Alguns dizem que é falta de fé e que basta sorrir e seguir em frente,
como se a dor tivesse um botão que ao apertar, tudo desaparece de repente,
ou como se um coração partido pudesse se colar sozinho,
com frases prontas e vazias simplesmente jogadas no caminho.
Mas há noites, em que a mente se fecha em corredores escuros
e cada pensamento é um eco que repete aqueles dias duros,
sendo lembranças que viram muros altos demais para atravessar,
olhares indiferentes que ferem como lâminas difíceis de suportar.
Falam em força e em nunca ceder,
como se sentir fosse fraqueza e sofrer fosse um erro a esconder,
como se cada lágrima fosse escolha e não consequência,
de noites longas e pensamentos nocivos que voltam com frequência.
Mas a mente não se dobra a conselhos
e nem a dor cede só porque o mundo exige sorriso no espelho,
não se cura alguém com palavras repetidas e nem com olhares vazios,
e não se ajusta à expectativa daquele que nunca lidou com os próprios desvios.
Então surge a arte de maneira tímida e quase imperceptível,
mas não como remédio e nem como promessa de cura infalível,
surge como presença discreta, mas firme e verdadeira,
às vezes sendo um fio de luz que faz companhia a noite inteira.
Cada verso que escapa, cada cor espalhada e cada nota tocada,
é um pedaço de vida que encontra passagem,
um jeito de transformar medo em imagem,
a angústia em melodia e o vazio em coragem.
Criar é resistir e cada criação é insistência,
um jeito de dizer baixinho: “eu existo” contra a indiferença.
Seja no silêncio dos quartos ou nas sombras da mente cansada,
cada palavra escrita é uma alma que não se deixa ser aprisionada.
Em cada traço, em cada som e em cada gesto que se liberta,
mostramos que viver é um ato de coragem, mesmo com a dor da alma aberta.
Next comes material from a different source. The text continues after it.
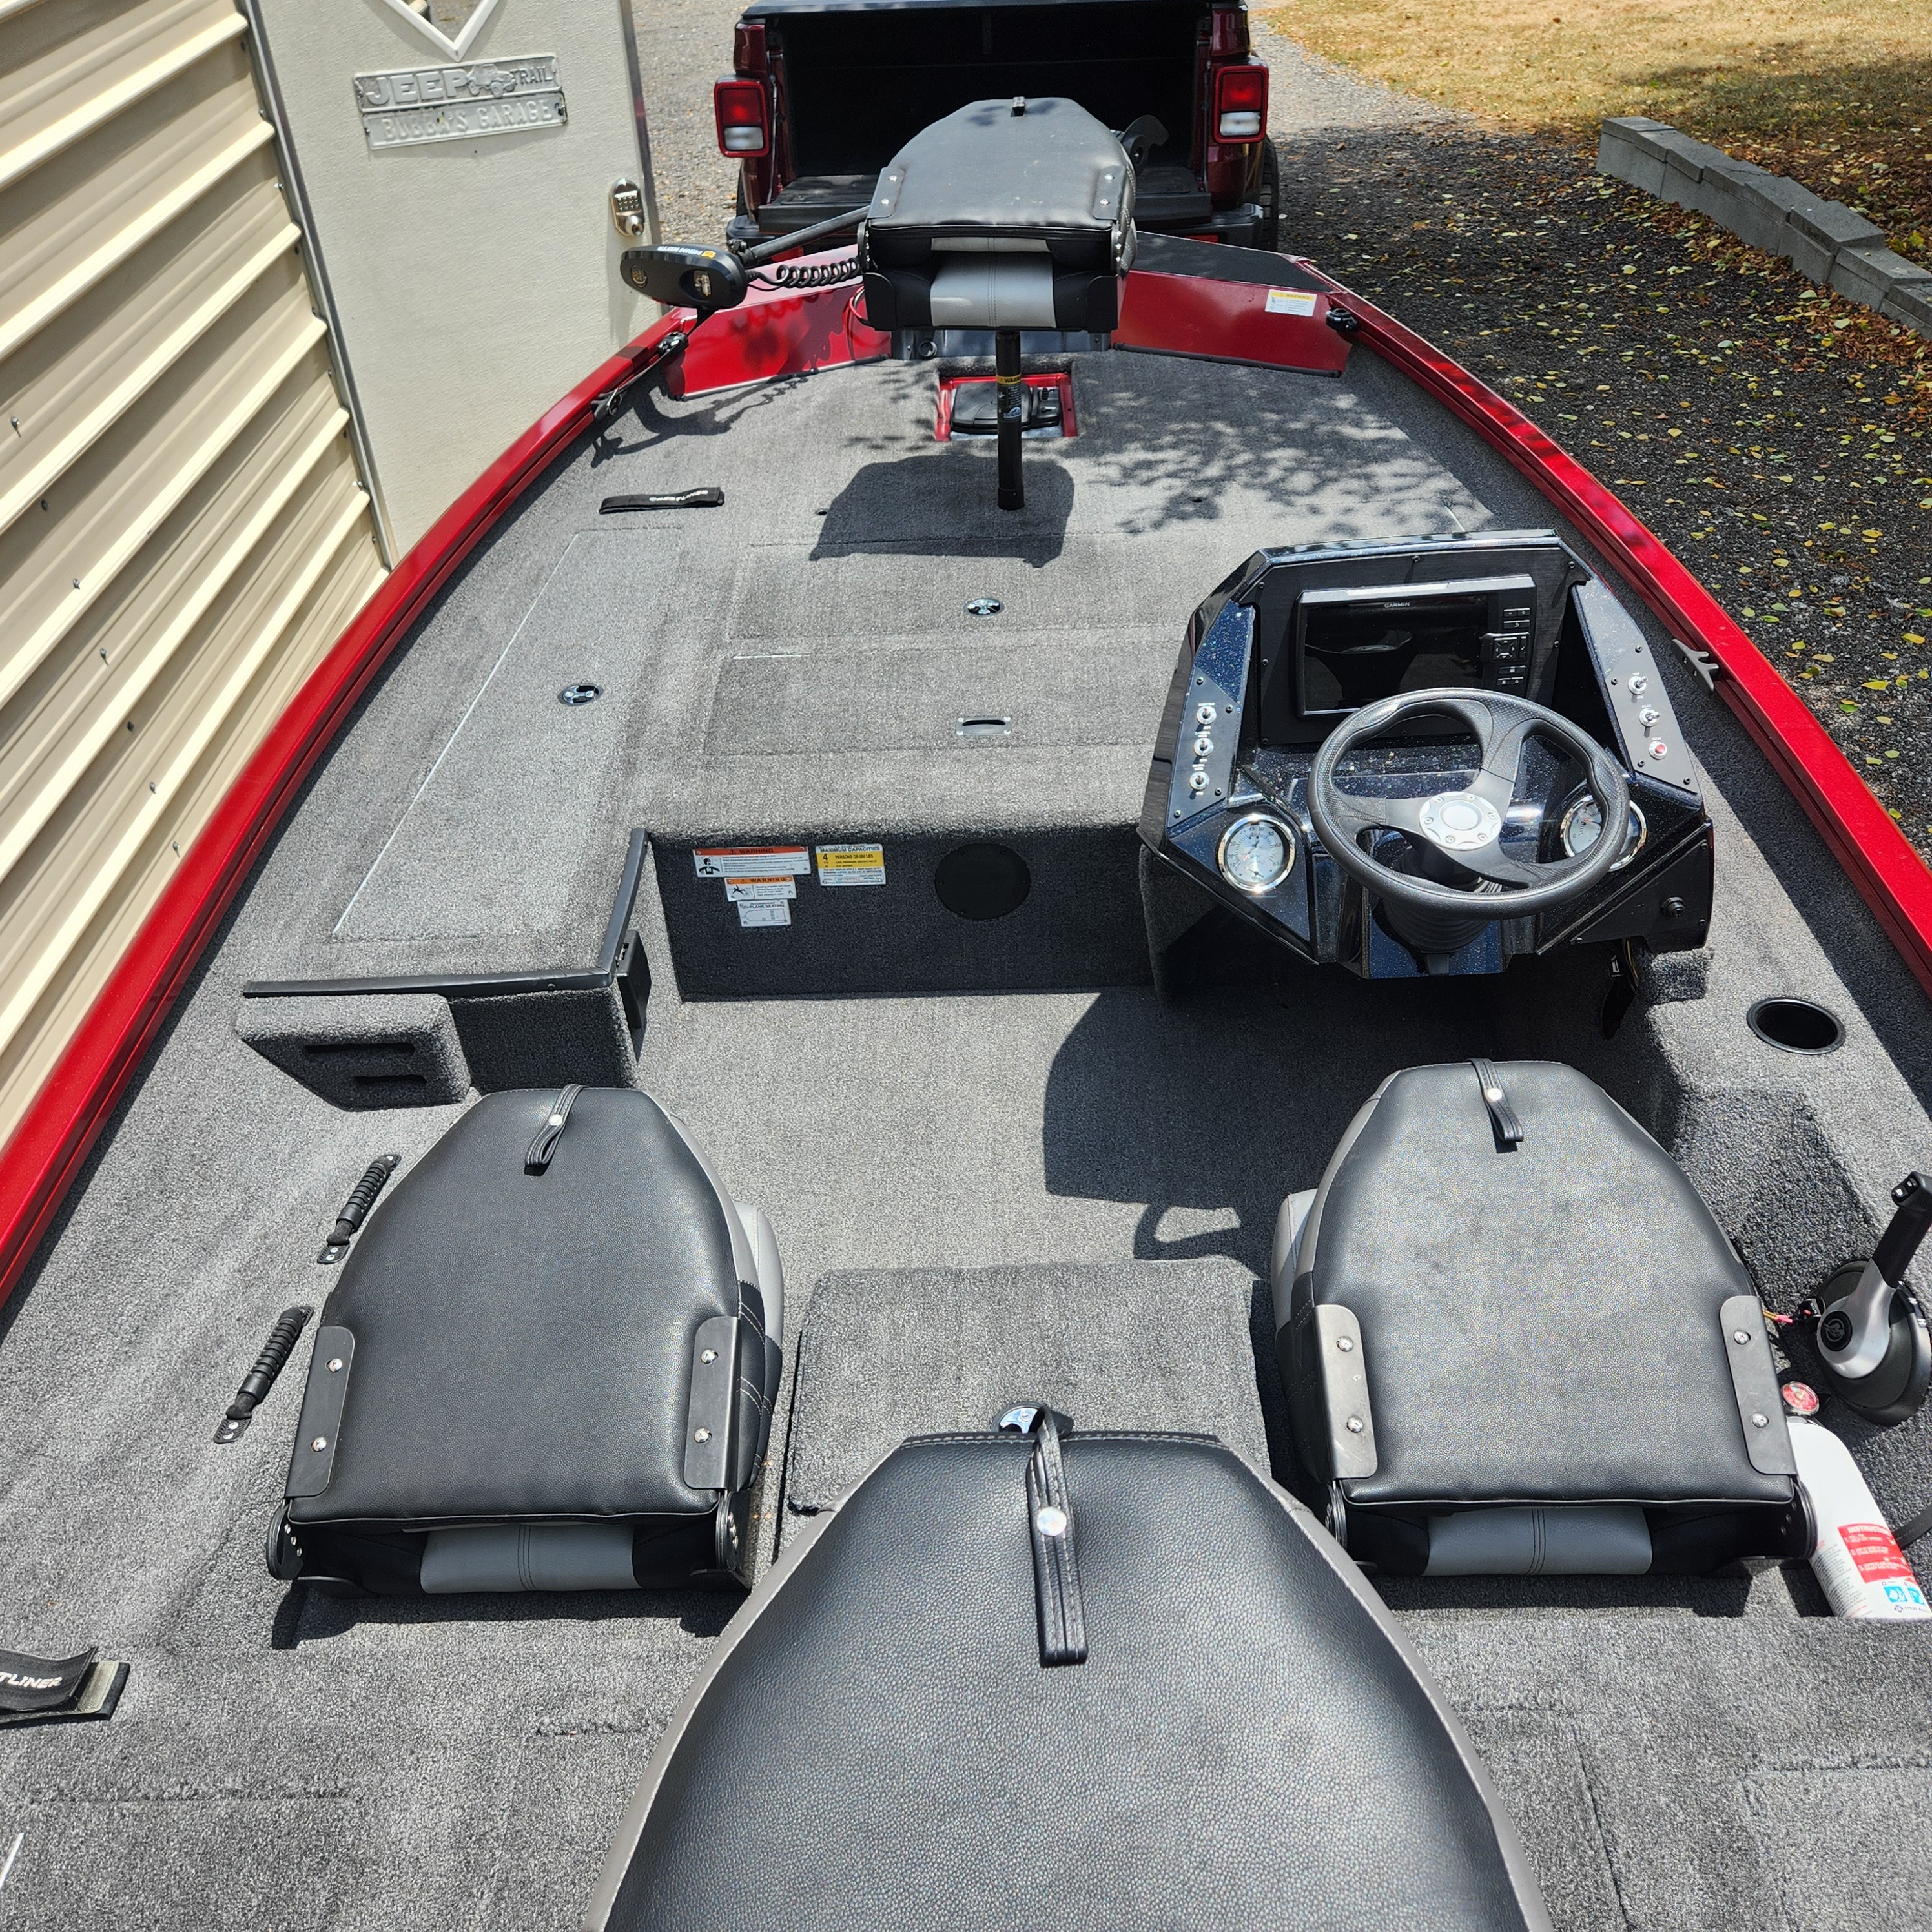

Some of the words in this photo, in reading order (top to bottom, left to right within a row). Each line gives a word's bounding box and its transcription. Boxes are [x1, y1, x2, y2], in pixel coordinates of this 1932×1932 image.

[365, 68, 468, 106] JEEP
[509, 65, 554, 87] TRAIL
[477, 99, 552, 129] GARAGE
E mesmo que o mundo ria, negue ou tente esquecer,
cada verso, cada som e cada cor é uma afirmação,
de uma lembrança de que estar vivo já é uma revolução,
e que a arte mesmo que simples, é uma mão estendida
para quem ainda busca luz em meio à escuridão.
SOCORRO
Por Anderayne Araújo Nobre

Só eu corro, buscando socorro diante do medo de me perder
Busco culpado, apressado e faminto, destino confuso que nem sei o quê
Olhares fugazes, conselhos vorazes, auxílios escassos fadigam meu ser
Então me apresso, fugindo da dor e mirando a esperança de sobreviver
Então estafado, cansado e humilhado, diante de tanta obstinação
Me vejo parando, cessando essa pressa, de ter um destino de libertação
Não fui socorrido, amparado, acolhido ao menos da forma que imaginei
Por breve momento, sem forças reservas no fundo do poço para cima olhei
Visando a escalada ao topo da vala, após atolado decidir mudar
Sorvi pouco antes da longa subida, da água da vida a me inundar
Sentindo então, em meu coração que a longa subida, é recuperar
Escalei pouco a pouco já não apressado mirando o alvo e não o afundar
E nessa jornada não mais obstinada, e sim avivada de paz e razão
Daí percebi olhares por mim, que no desespero cego não vi
Mãos estendidas, preces ouvidas torcida bem vinda de superação
Mudei o sentido por tanto iludido e vendo o novo, agradeci
Sozinho corria, irado seguia jornada vazia de desilusão
Agora não mais. Só corro? Jamais, pois vi ao meu lado quem quer ajudar
Jogou-me a escada, calçou-me para a jornada subindo ou correndo sem mais me
odiar
E só então percebi que o que antes senti, estava enfim em resolução
Bastou começar, pedir, procurar que a mim já estava o alvo a alcançar
Agora escalo ou corro sorrindo sem mais me fechar ao bom que virá
A vida é minha, mas quero vivê-la ao lado de quem me acompanhará
Socorro eu peço e finalmente eu quero dizer que achei que possa me dar!
CÁ ESTOU...
Por Antônio Coelho

Cá estou...
Retocando a vida
Rebatendo a saudade
Insistente e doída
Cá estou...
Acompanhado de solidão
Que insiste em machucar
Sem um pingo de Compaixão
Cá estou...
Dissolvendo-me em lágrimas
Separando a dor dessas dores
Sentindo-me uma lástima
Cá estou...
Suspirando sem jeito
Desgastando o meu tédio
Num martírio perfeito
Cá estou...
Carecendo dos teus afagos
Retrucando com este viver
Só sonhando e acordado
Cá estou...
Sozinho sem você e tudo
Tudo sem sentido e nada
Sou eu aqui, no mundo
Cá estou...
Reparando essa lesão
Remontando os pedaços
Desse nobre coração
Cá estou...
Ratificando meus rascunhos
Reescrevendo minha dor
Descrevendo um sonho
Cá estou...
Rebuscando à memória
Compondo-te em versos
Admirando a história
Cá estou...
Remando contra a maré
Resistindo a fortes ventos
Até quando Deus quiser.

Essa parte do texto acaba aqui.